Adapun bentuk motivasi keluarga pada peserta penelitian, peneliti dengan cara melihat model bantuan keluarga kepada siswa berupa motivasi. Ukuran kinerja apa yang Anda gunakan untuk menentukan apakah pembelajaran siswa baik? Solusi apa yang dapat Anda tawarkan kepada keluarga untuk membantu siswa belajar PAI?

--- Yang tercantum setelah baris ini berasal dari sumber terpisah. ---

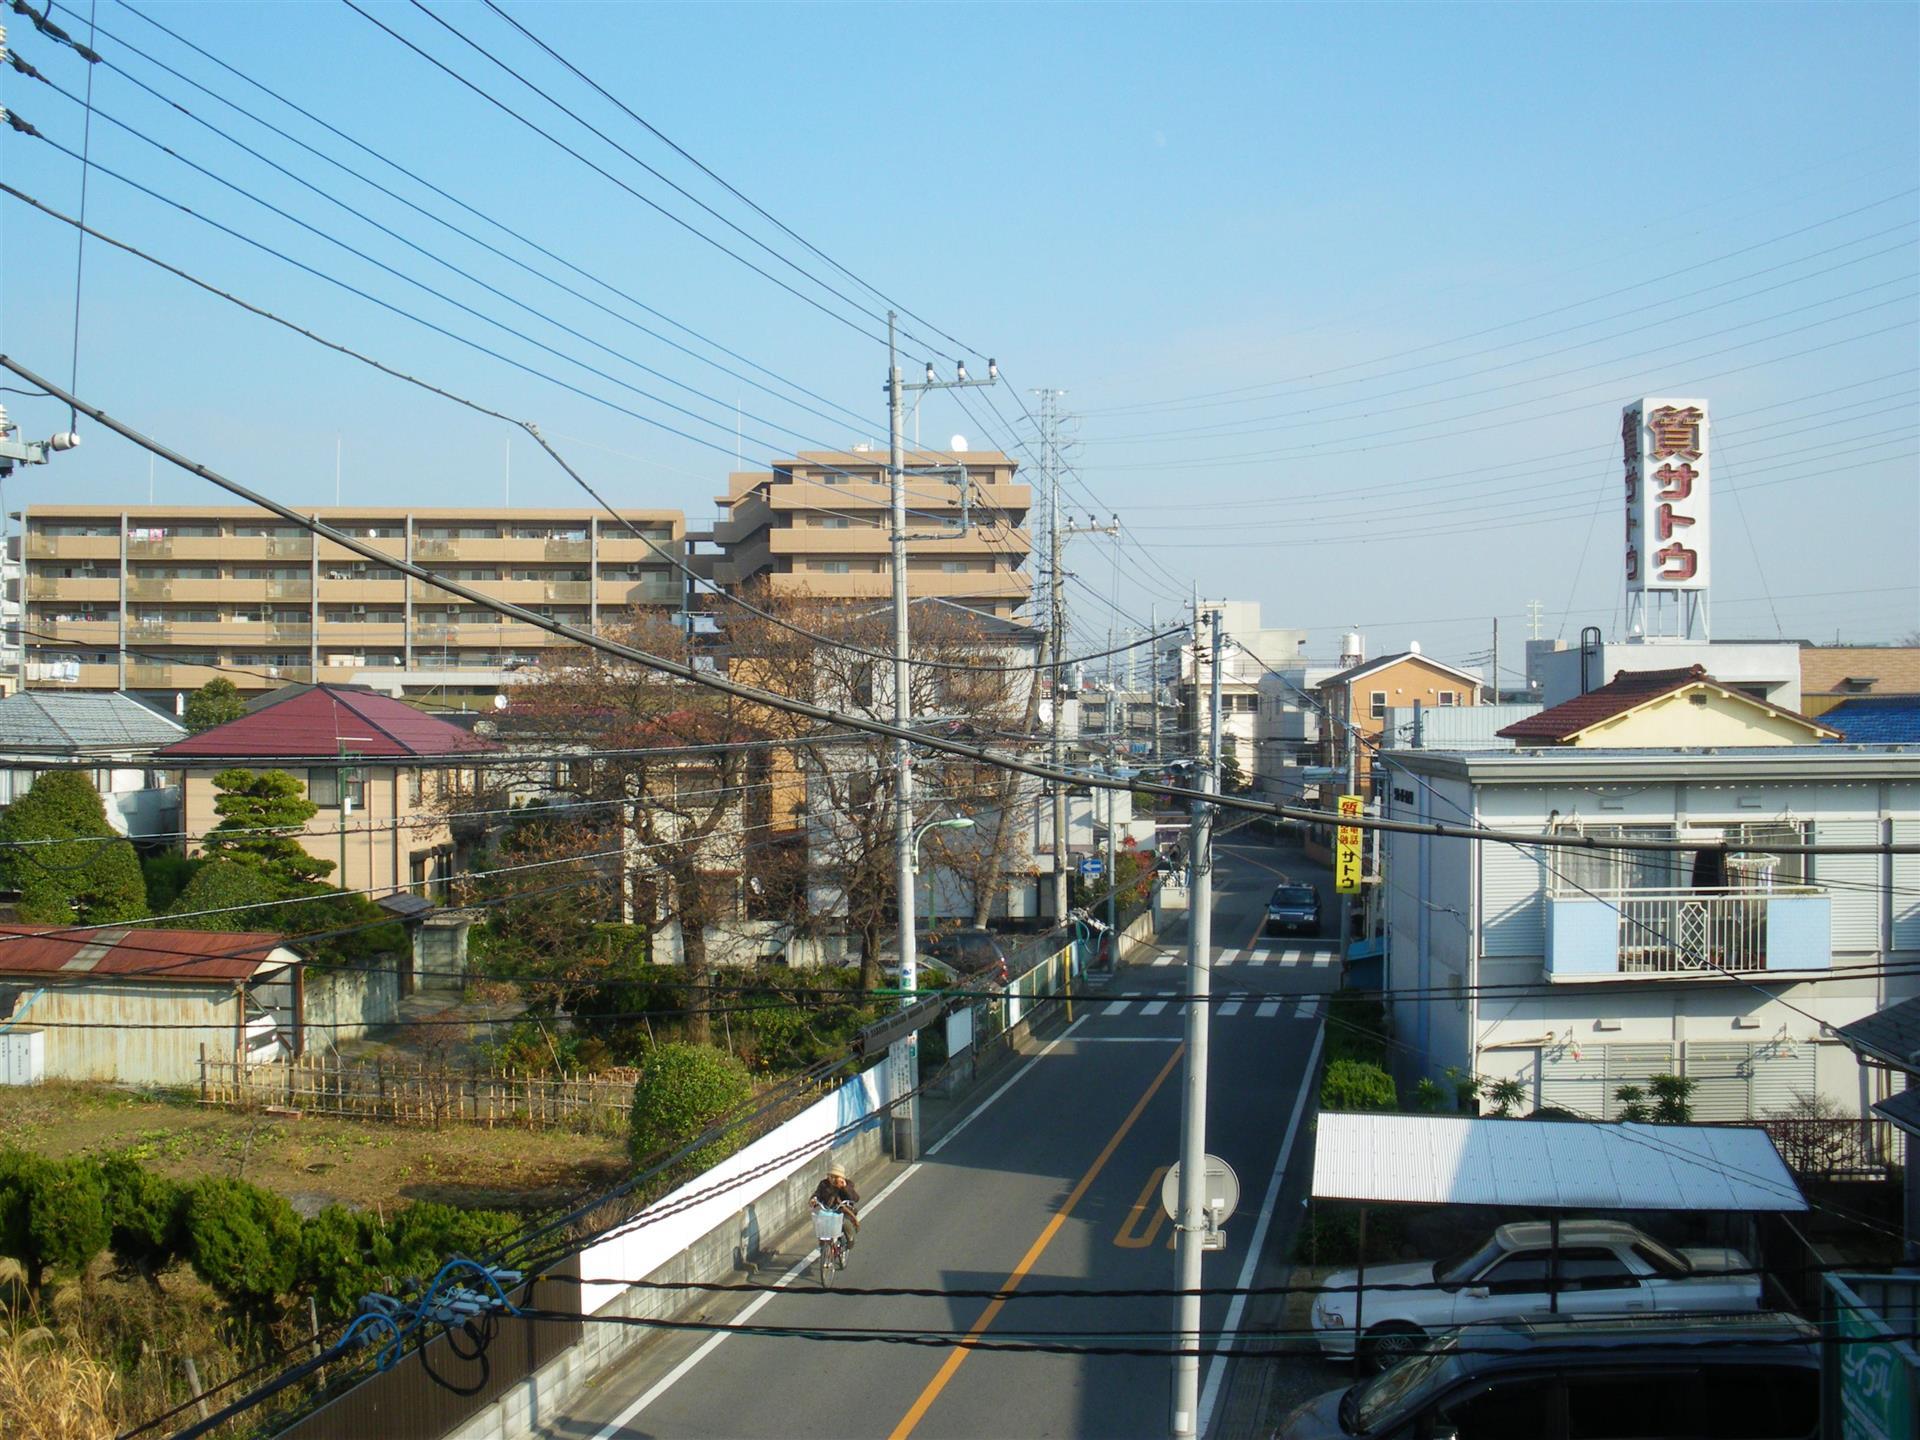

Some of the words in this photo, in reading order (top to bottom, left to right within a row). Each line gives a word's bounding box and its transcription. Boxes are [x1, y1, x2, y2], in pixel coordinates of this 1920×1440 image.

1 Keluarga mendampingi siswa dalam proses pembelajaran PAI 2 Penggunaan media WhatsApp dalam pembelajaran PAI cukup efektif 3 Keluarga memberikan motivasi kepada siswa. 4 Ponsel dan kuota menjadi kendala utama keluarga dalam mendampingi siswa dalam pembelajaran PAI. 5 Beberapa keluarga siswa kesulitan mengatur waktu untuk mendampingi siswa dalam proses pembelajaran PAI.
Kerangka Konseptual
Bagan Kerangka Pikir
METODE PENELITIAN
Lokasi dan Waktu Penelitian
Fokus Penelitian
Jenis dan Sumber Data
Data sekunder merupakan sumber yang dikumpulkan oleh peneliti secara tidak langsung atau diperoleh dari sumber lain. Data sekunder disebut juga data tertulis atau data tersedia.
Teknik Pengumpulan dan Pengolahan Data
Penyajian data dalam peneliti ini menyajikan data dari hasil wawancara keluarga, dimana dengan data yang disajikan peneliti ingin memperoleh jawaban atas kasus pada Bab 1 baik mengenai peran dukungan keluarga dalam pendidikan agama islam, keluarga strategi dalam adaptasi. perilaku anak dan tutur kata yang baik, strategi keluarga dalam menanamkan nilai-nilai keagamaan pada siswa. Keluarga menjadi kunci dalam pelaksanaan pembelajaran di rumah karena keluarga menjadi guru pengganti bagi siswa ketika harus belajar dari rumah. Saat saya mulai belajar, saya memberikan tugas melalui aplikasi WhatsApp, saya tidak memberi batas waktu kepada siswa untuk menyerahkan tugas, karena jika kami memberi batas waktu, sebagian besar siswa tidak mengumpulkan tugas, dan biasanya ada siswa yang tidak. menyerahkan tugas. dan saya langsung menegurnya di grup WhatsApp, karena siswa juga sering mengirimkan tugas dengan setengah hati, maka saya informasikan kepada siswa bahwa jika tugas tidak disimpan, tidak ada nilainya, dan saya sering berkomunikasi dengan siswa. ' hendaknya keluarga mengawasi dan membimbing anak-anaknya agar rajin mengerjakan tugas, karena ada siswa yang hanya mengirimkan tugas saja, kebetulan siswa tidak memperhatikan tulisannya apakah bisa dibaca atau tidak, jadi saya mengukur nilai dengan tugas dan tulisan. , yang bagus atau mudah dibaca 49.
Disini guru hanya memberikan tugas kepada siswanya dan dalam hal komunikasi dengan keluarga siswa, guru menghubunginya dengan pesan pribadi untuk nilai dan bantuan dalam pembelajaran siswa dan disini guru mengukur penilaian siswa karena saat ini kita bisa 'T. sangat mengapresiasinya karena kami hanya bisa memantau melalui kelompok dan keluarga siswa. Berkenaan dengan wujud keluarga sebagai guru bagi siswa, peneliti melihat model pendampingan keluarga sebagai guru, berdasarkan hasil wawancara yang telah dijelaskan sebelumnya, keluarga sering memberikan bimbingan dan pengajaran kepada siswa untuk menyelesaikan tugas yang diberikan. . dari guru. Apa tanggapan Anda ketika anak Anda kesal dan tidak mau belajar di masa pandemi ini?
Sumber air minum: Disediakan oleh siswa Air bersih yang cukup: Selalu mencukupi Sekolah menyediakan toilet.